Friday Barnes (series)

Friday Barnes

Friday Barnes









Friday Barnes: Girl Detective


Friday Barnes: Under Suspicion


R. A. Spratt

Random House, 2014

pbk., 250+ pages; RRP $A15.99

Friday Barnes is the daughter of two highly-intelligent, eccentric physicists who are so disconnected from her upbringing that they called her Friday even though she was born on a Thursday.  She did have four siblings, all much older than her being born during the four-and-a-half years their mother had allocated for the task.  Friday was not scheduled and her birth was fitted in around a lecture her mother had to give in Switzerland.  Eleven years later, Friday had largely raised herself and she was happy with that.  Her greatest wish was to be unnoticed because you could do so much more that way like eating a whole block of chocolate at once without it being taken off you.    Unfortunately, it also means that you do not develop very good social skills particularly if you spend your time reading scientific tomes and educating yourself beyond the realms of anything a school could offer.

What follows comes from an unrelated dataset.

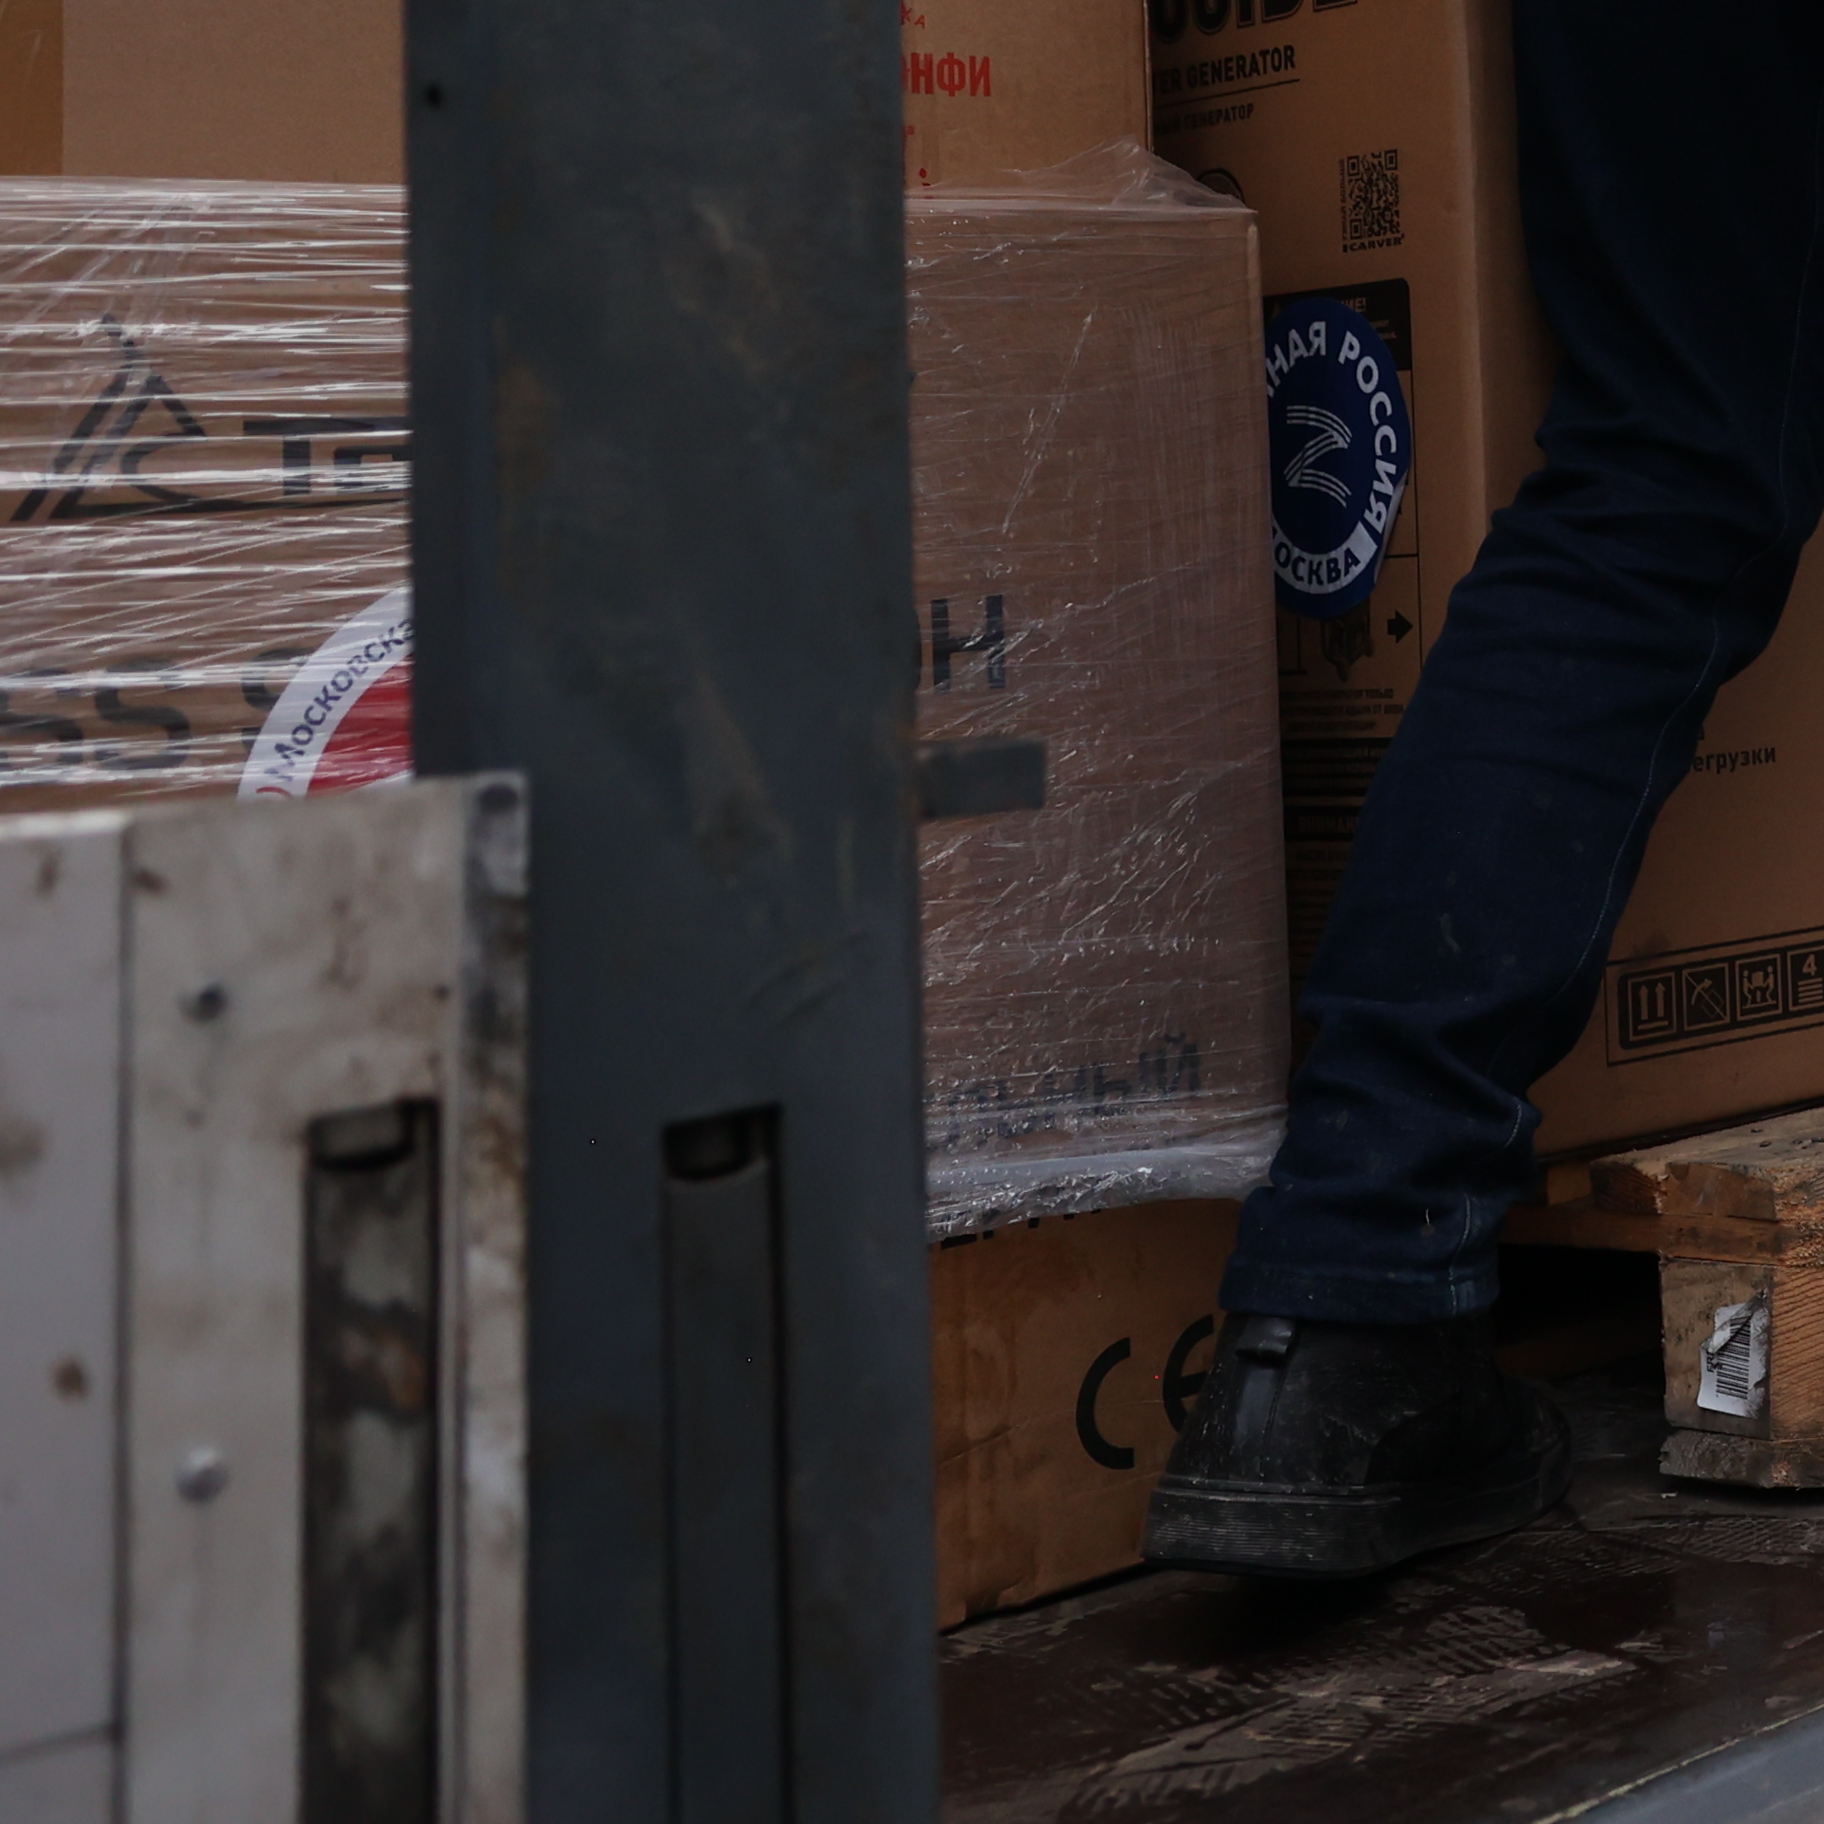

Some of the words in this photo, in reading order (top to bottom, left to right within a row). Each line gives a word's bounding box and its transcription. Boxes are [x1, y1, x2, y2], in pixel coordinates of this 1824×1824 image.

However, as well as the non-fiction her parents library consisted of, Friday had a penchant for detective novels because “being a detective allowed a person a licence to behave very eccentrically indeed” and she had honed her powers of observation and logical thought over the years.  But the time has now come for Friday to go to high school and given her parents haven’t even realised she is no longer in preschool, it was up to her to sort it.  She would have preferred not to go at all because she saw it as being all about “bullying, dodge ball and having to find a date for the prom” but the government was insistent that she do.  She tried to compromise by applying for university and passed the exam to study medicine but was knocked back on her age. 

So rejecting the idea of the Foreign Legion, the Peace Corps and being smuggled out of the country by people traffickers, after helping her ex-cop, private investigator Uncle Bernie solve a case she finds herself with the means to send herself to Highcrest Academy the best and most expensive boarding school in the whole country.  Her intention is to stay under the radar, do what she has to do and leave.  But things do not work out that way.  Right from the start, her nondescript self-imposed uniform of brown cardigans, grey t-shirts and blue jeans makes her stand out among the fashion parade that is the elite, wealthy students who also attend and being knocked down in the carpark on the first day doesn’t help either. Nor does being the brightest student in the entire school, being labelled “scholarship girl” by the school bully and being unable to help herself being able to point out the flaws and inaccuracies in the conversation and presentations of others. Antagonising the handsome, previously-smartest student Ian Wainscott adds to her woes, particularly when her roommate, the not-so-bright Melanie insists there is a romance blooming, something that Friday scoffs at. But their paths have already been inextricably interwoven…

More and more, she is called on to solve “mysteries” as her reputation spreads, and eventually the headmaster enlists her to solve the mystery of the strange monster roaming in the school swamp and frightening the living daylights out of everyone.

Friday Barnes in a new series from the author of Nanny Piggins and it is one that will appeal to independent girl readers who want some substance to their reading. Friday is a likeable character who will appeal to many who are not necessarily the high-fliers in the school.  Even though they may not be as smart as Friday, they will read about themselves in this series and thoroughly enjoy it.  Girl Detective  ends on a cliff-hanger, as, having solved the mystery of the swamp monster, Friday herself is then arrested and readers have to discover why in Under Suspicion which has just been released.  Tantalising that also concludes with “To be continued…” suggesting that there will be more episodes in this series that will leave readers waiting on them.

A worthy addition to the collection for girls on the brink of starting their own secondary school adventure.